Instructions to follow: An exact restatement of the data is required, with the images omitted.

Dataset entries:
# # #
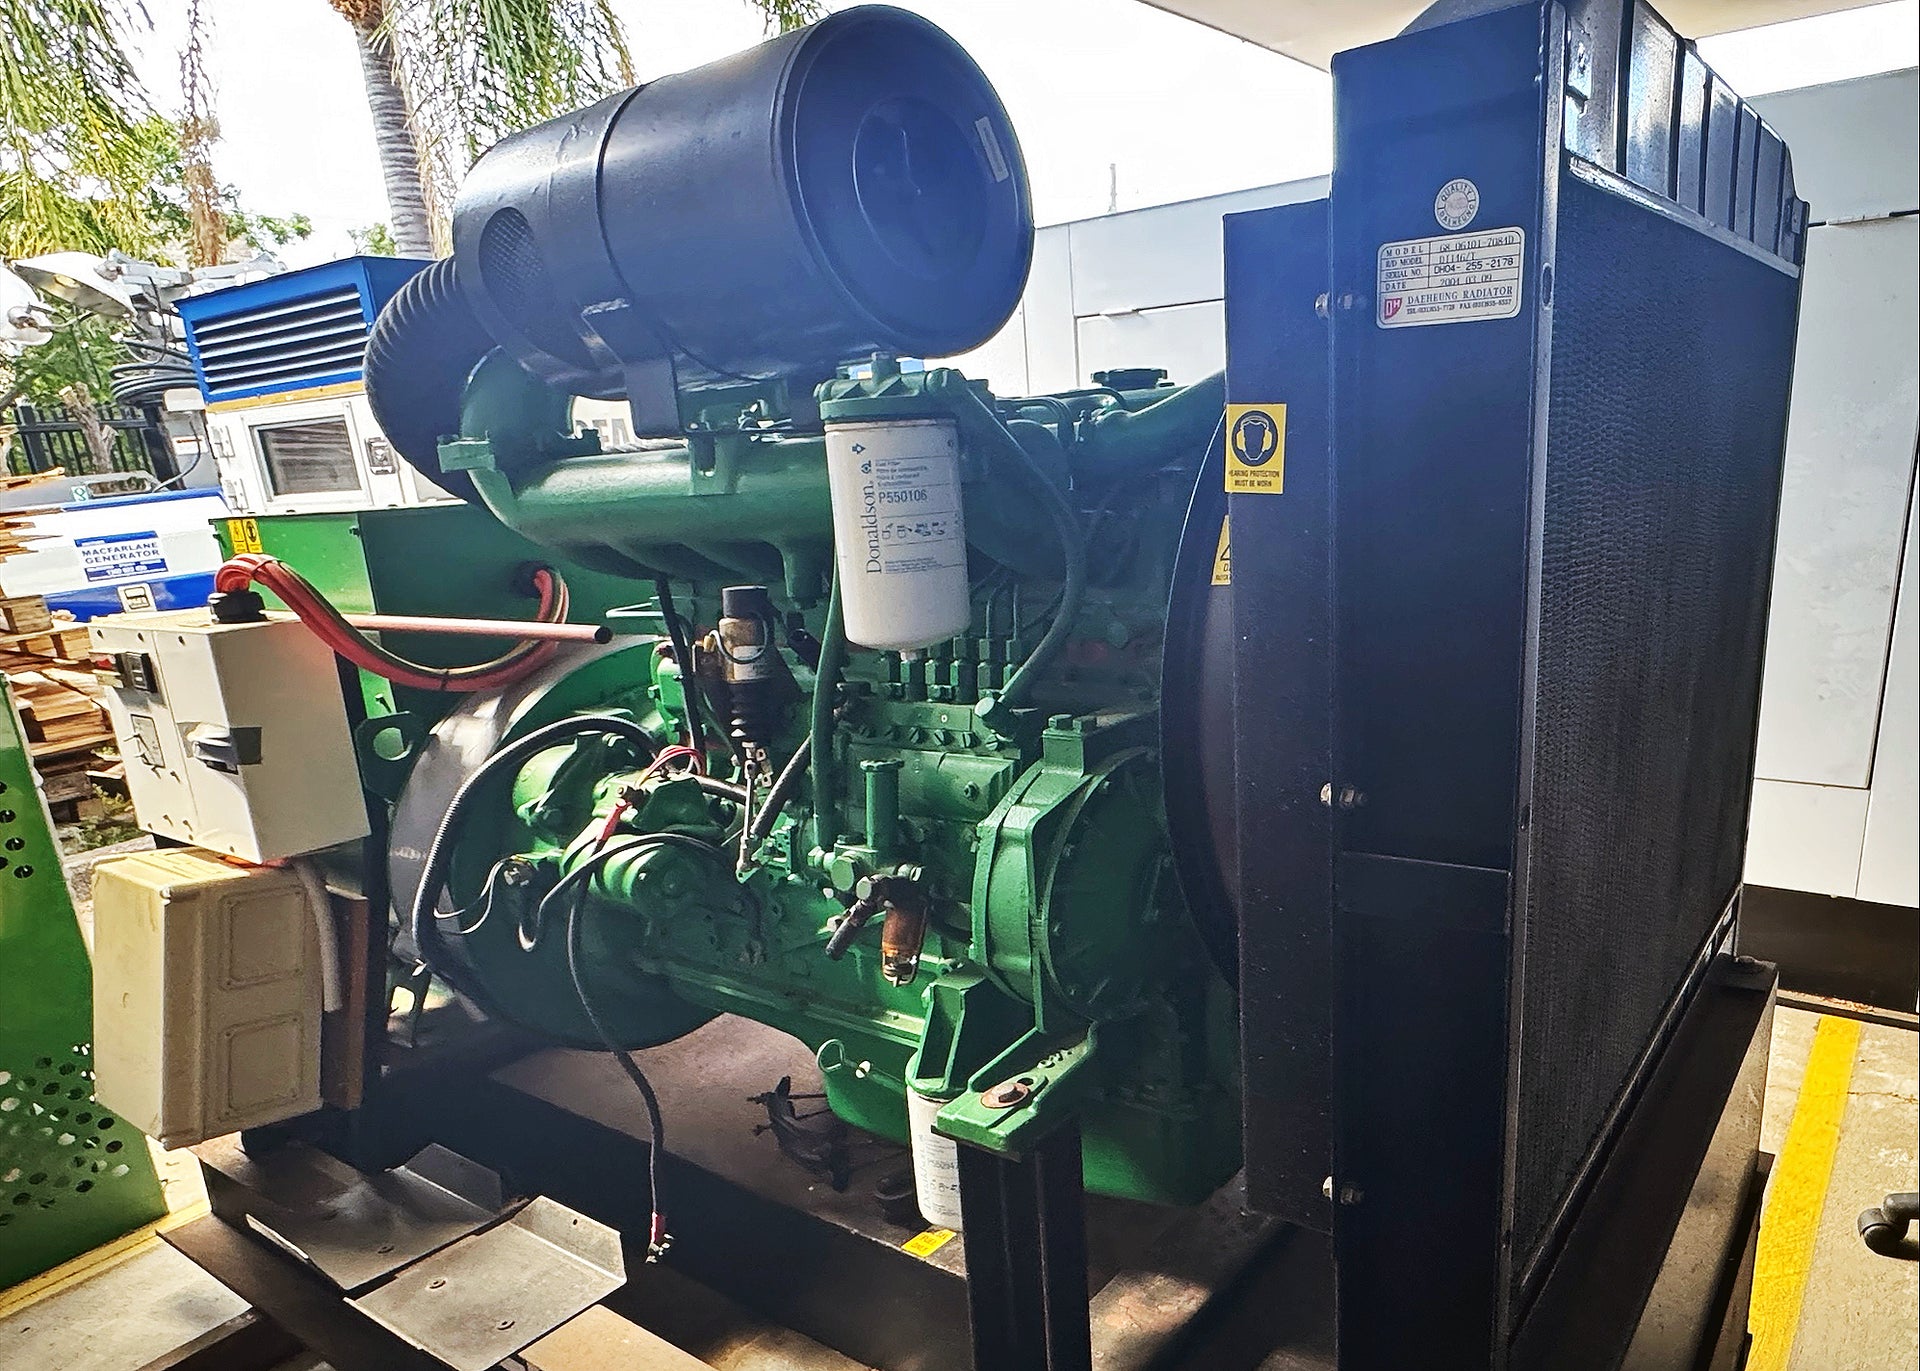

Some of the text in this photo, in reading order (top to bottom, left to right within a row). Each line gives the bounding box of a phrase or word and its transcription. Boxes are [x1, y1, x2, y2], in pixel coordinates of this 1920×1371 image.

[1441, 183, 1472, 202] QUALITY
[1386, 245, 1423, 257] MODEL
[1400, 257, 1422, 266] MODEL
[1385, 281, 1406, 291] DATE
[1407, 285, 1513, 305] DAEHEUNG RADIATOR
[1250, 469, 1280, 478] PROTECTION
[878, 489, 928, 503] P550106
[82, 542, 158, 557] MACFARLANE
[85, 549, 160, 564] GENERATOR
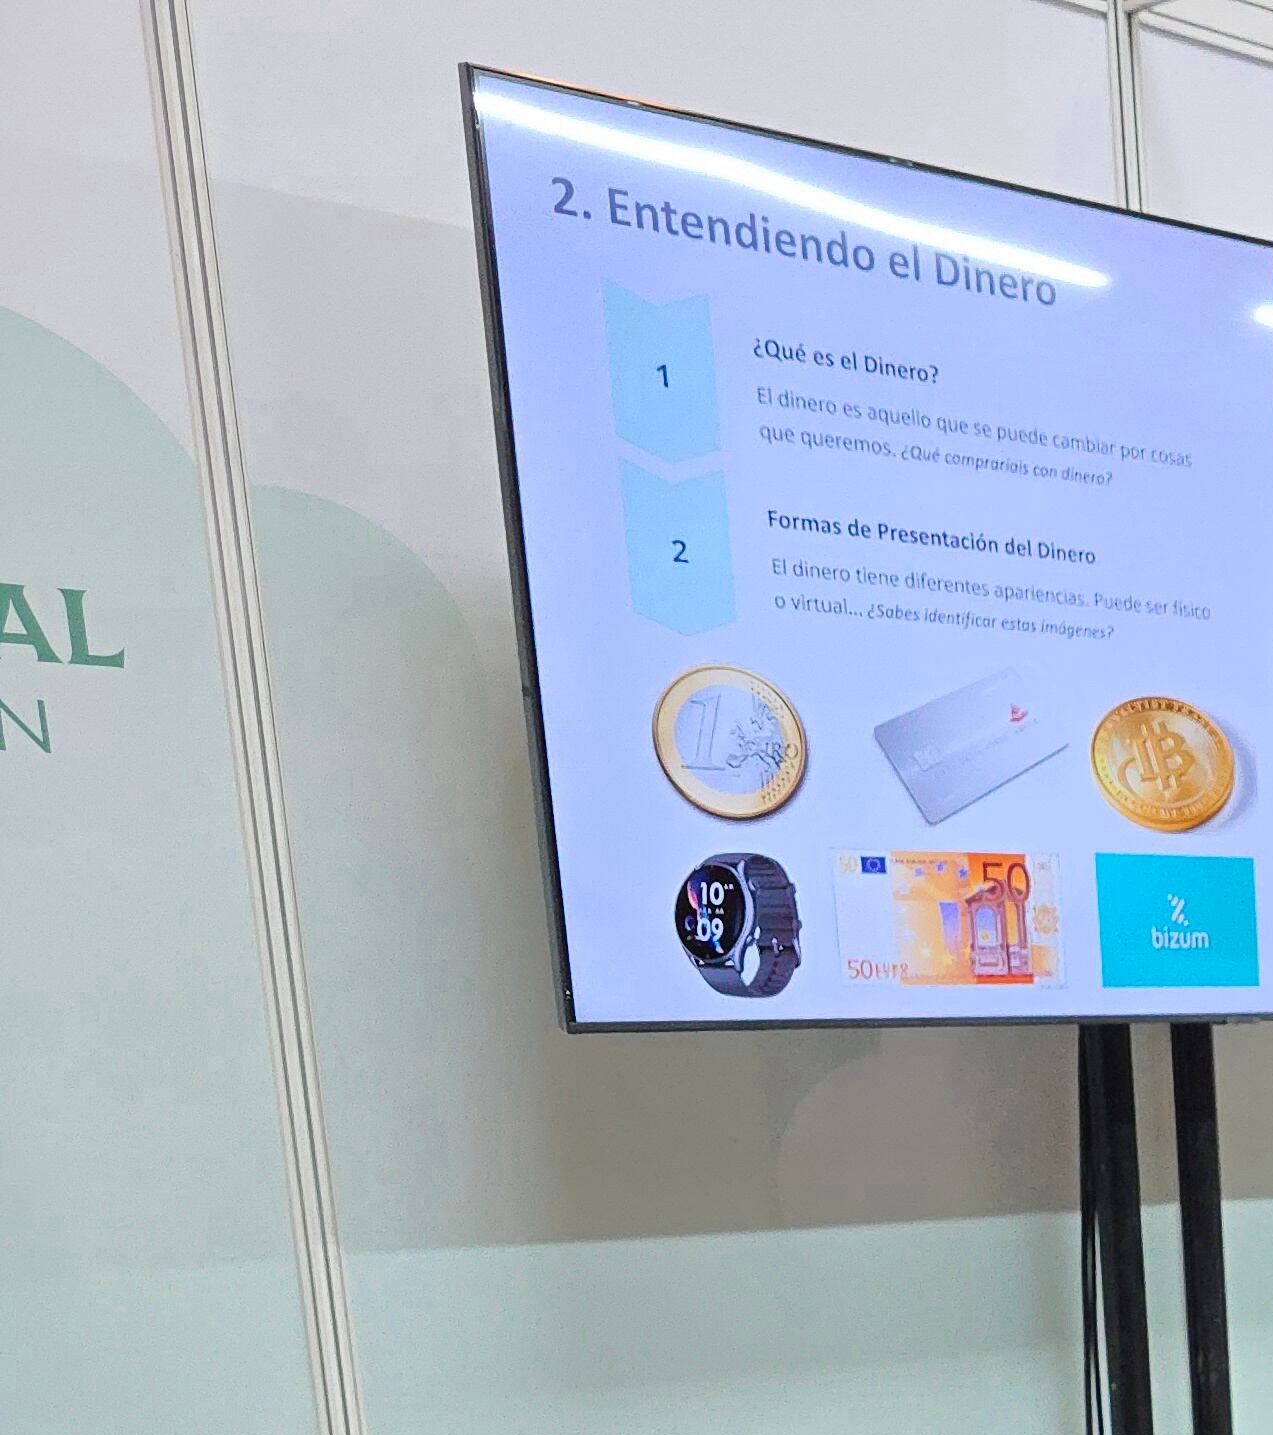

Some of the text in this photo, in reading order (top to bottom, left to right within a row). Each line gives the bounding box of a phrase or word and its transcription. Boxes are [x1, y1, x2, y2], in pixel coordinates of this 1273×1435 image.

[552, 177, 1056, 305] 2. Entendiendo el Dinero
[656, 364, 669, 388] 1
[753, 338, 939, 384] ¿Qué es el Dinero?
[757, 387, 1193, 468] El dinero es aquello que se puede cambiar por cosas
[759, 424, 795, 444] que
[800, 429, 897, 457] queremos.
[901, 445, 940, 465] ¿Qué
[1033, 465, 1058, 479] con
[1061, 467, 1113, 487] dinero?
[671, 539, 690, 564] 2
[767, 510, 1096, 564] Formas de Presentación del Dinero
[771, 557, 787, 576] El
[792, 560, 851, 583] dinero
[856, 566, 900, 588] tiene
[905, 571, 990, 597] diferentes
[994, 583, 1090, 607] apariencias.
[1094, 591, 1142, 613] Puede
[1146, 600, 1169, 615] ser
[774, 594, 1115, 640] o virtual... ¿Sabes identificar estas imágenes?
[700, 881, 725, 906] 10
[982, 861, 1030, 901] 50
[696, 917, 724, 942] 09
[1151, 925, 1209, 949] bizum
# # #
Result for this exercise:
Some of the text in this photo, in reading order (top to bottom, left to right within a row). Each line gives the bounding box of a phrase or word and its transcription. Boxes are [x1, y1, x2, y2], in pixel coordinates of this 1920×1371 image.

[1441, 183, 1472, 202] QUALITY
[1386, 245, 1423, 257] MODEL
[1400, 257, 1422, 266] MODEL
[1385, 281, 1406, 291] DATE
[1407, 285, 1513, 305] DAEHEUNG RADIATOR
[1250, 469, 1280, 478] PROTECTION
[878, 489, 928, 503] P550106
[82, 542, 158, 557] MACFARLANE
[85, 549, 160, 564] GENERATOR

Some of the text in this photo, in reading order (top to bottom, left to right within a row). Each line gives the bounding box of a phrase or word and its transcription. Boxes are [x1, y1, x2, y2], in pixel coordinates of this 1273×1435 image.

[552, 177, 1056, 305] 2. Entendiendo el Dinero
[656, 364, 669, 388] 1
[753, 338, 939, 384] ¿Qué es el Dinero?
[757, 387, 1193, 468] El dinero es aquello que se puede cambiar por cosas
[759, 424, 795, 444] que
[800, 429, 897, 457] queremos.
[901, 445, 940, 465] ¿Qué
[1033, 465, 1058, 479] con
[1061, 467, 1113, 487] dinero?
[671, 539, 690, 564] 2
[767, 510, 1096, 564] Formas de Presentación del Dinero
[771, 557, 787, 576] El
[792, 560, 851, 583] dinero
[856, 566, 900, 588] tiene
[905, 571, 990, 597] diferentes
[994, 583, 1090, 607] apariencias.
[1094, 591, 1142, 613] Puede
[1146, 600, 1169, 615] ser
[774, 594, 1115, 640] o virtual... ¿Sabes identificar estas imágenes?
[700, 881, 725, 906] 10
[982, 861, 1030, 901] 50
[696, 917, 724, 942] 09
[1151, 925, 1209, 949] bizum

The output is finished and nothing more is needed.